Cannabis businesses, though becoming increasingly common, are still very far from the mainstream public’s eye. Even in California, 80% of the state, either on the city or the county level, still do not allow the operation of any cannabis businesses within their limits. Many are still staunchly against its use, or view it only as a luxury product. A sweep of organizing in the industry may not necessarily have the same broad, popular support that organizing something like Starbucks is having. However, only when all workers are unionized can we begin to end the dictatorship over our workplaces that the bosses represent. 

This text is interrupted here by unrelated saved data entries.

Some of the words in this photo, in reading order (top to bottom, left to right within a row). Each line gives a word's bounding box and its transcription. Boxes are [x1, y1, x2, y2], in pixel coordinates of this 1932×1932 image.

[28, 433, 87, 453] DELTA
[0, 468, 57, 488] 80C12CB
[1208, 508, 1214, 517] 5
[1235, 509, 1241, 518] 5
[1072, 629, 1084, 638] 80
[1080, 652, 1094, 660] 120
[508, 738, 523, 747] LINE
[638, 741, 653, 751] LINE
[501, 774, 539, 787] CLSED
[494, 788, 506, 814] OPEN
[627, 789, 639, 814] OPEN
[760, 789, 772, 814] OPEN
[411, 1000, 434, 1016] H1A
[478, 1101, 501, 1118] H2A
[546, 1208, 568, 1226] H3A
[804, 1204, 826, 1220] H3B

For millions of workers, marijuana represents a relatively safe form of pain management or a moment free of anxiety. The inequality, injustice, and oppression of capitalist life generates much of that pain and anxiety. We need a world where workers are not only organized for a living wage and decent working conditions, but a world where political change is centered around what is good for working class people and our communities. We need our own independent political party, free of corporate influence, that is going to fight for jobs for all, free healthcare and education, and a sustainable economy based on the needs of working people. 

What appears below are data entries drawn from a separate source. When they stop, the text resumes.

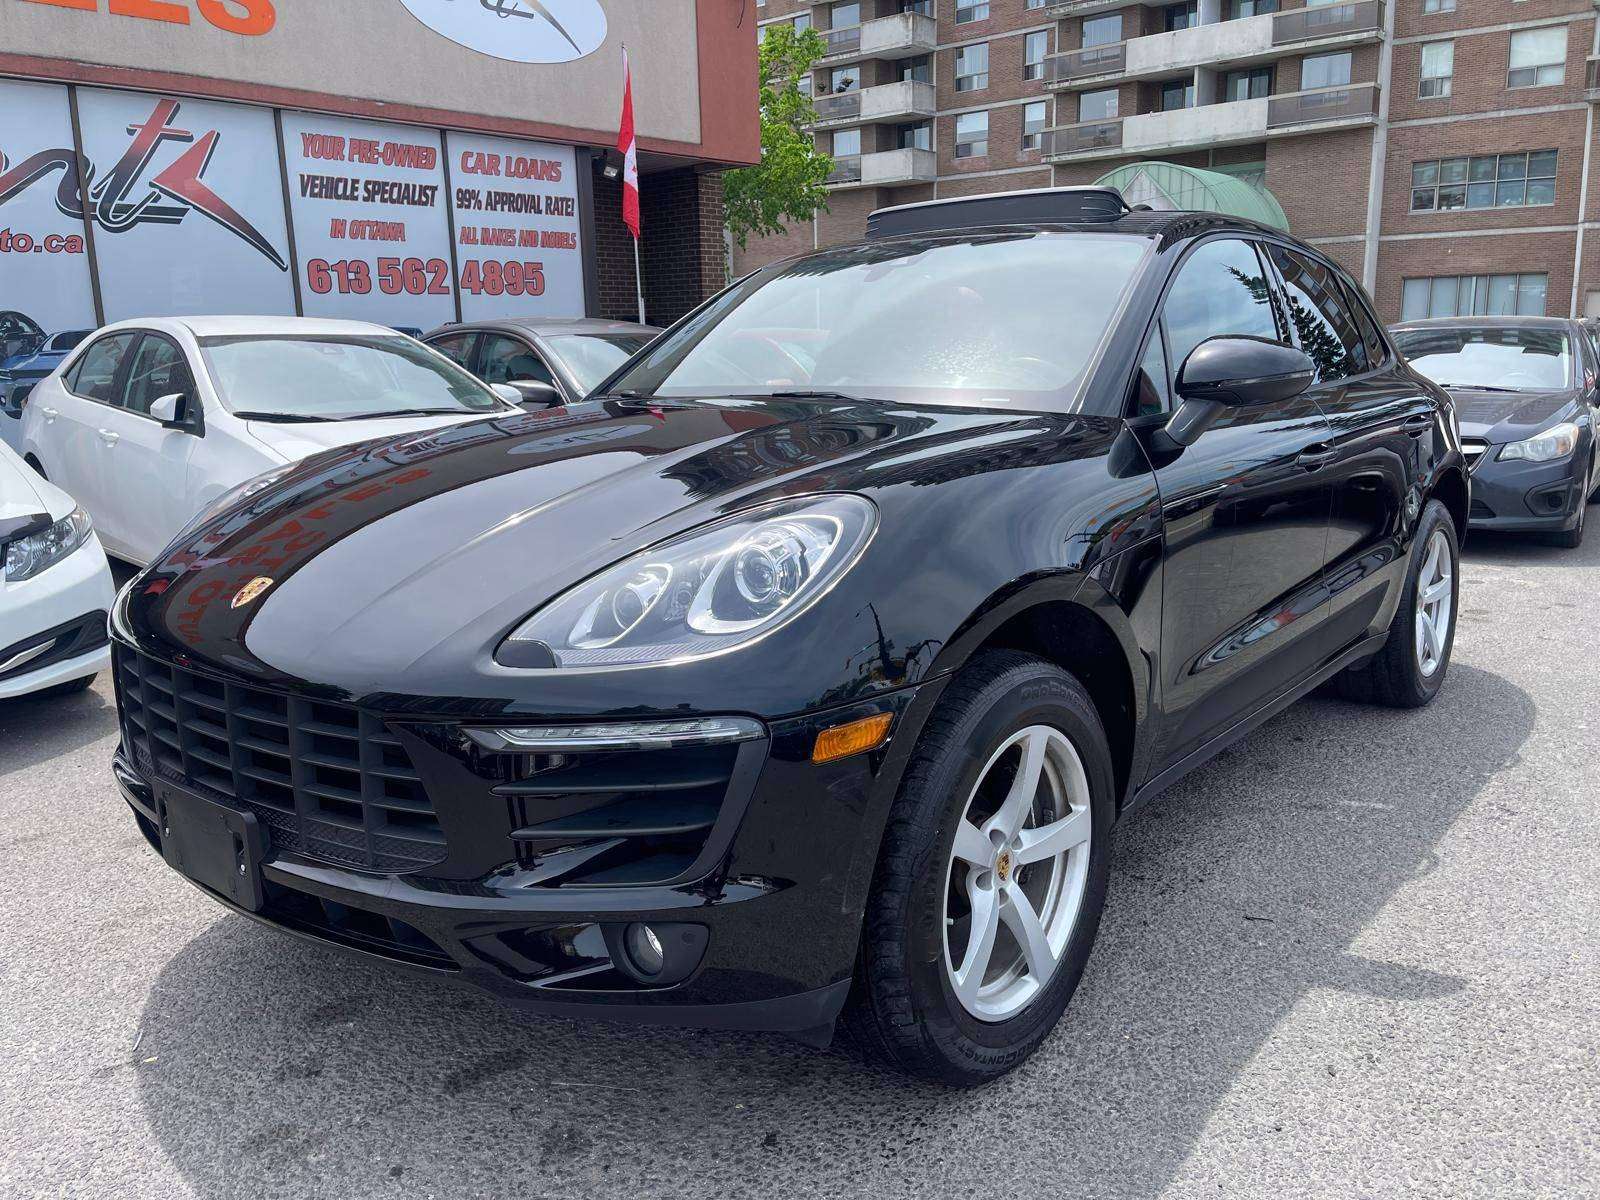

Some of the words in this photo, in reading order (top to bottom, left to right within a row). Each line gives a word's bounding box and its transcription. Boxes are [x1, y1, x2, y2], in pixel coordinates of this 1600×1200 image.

[301, 132, 345, 161] YOUR
[348, 138, 437, 170] PRE-OWNED
[461, 151, 500, 176] CAR
[504, 155, 562, 182] LOANS
[299, 174, 359, 201] VEHICLE
[362, 180, 438, 207] SPECIALIST
[456, 188, 482, 210] 99%
[485, 191, 543, 214] APPROVAL
[545, 195, 575, 216] RATE!
[330, 218, 347, 239] IN
[349, 220, 406, 241] OTTAWA
[460, 226, 478, 245] ALL
[481, 227, 516, 247] MAKES
[519, 229, 539, 248] AND
[541, 231, 577, 249] MODELS
[307, 258, 372, 295] 613
[377, 257, 449, 295] 562
[461, 260, 545, 296] 4895

The pathway to legalization is still not entirely clear. As crime rates are increasing, Republican and Democratic politicians alike talk tough on policing. The failure of the Defund the Police movement as the result of co-optation by Democrats and NGOs has now left the door open to future increased repression, especially in America’s poorer neighborhoods. 

Legalization of marijuana is a positive and important step forward, however under capitalism it is a mess that mirrors and accentuates all the injustices that came before it. Capitalists in search of new avenues of exploitation will not push the ruling class to expedite the process of clearing records, or provide safe and well-paid jobs to its workers, as they focus on profit above all else. The cannabis industry runs on the labor of harvesters, trimmers, extractors, packagers, drivers, and retail employees, and it is with them, not big business owners, that the power of this billion-dollar industry lies – to fight for Medicare for All, full legalization on a federal level, and an end to mass incarceration and private prisons that the War on Drugs has fueled for years.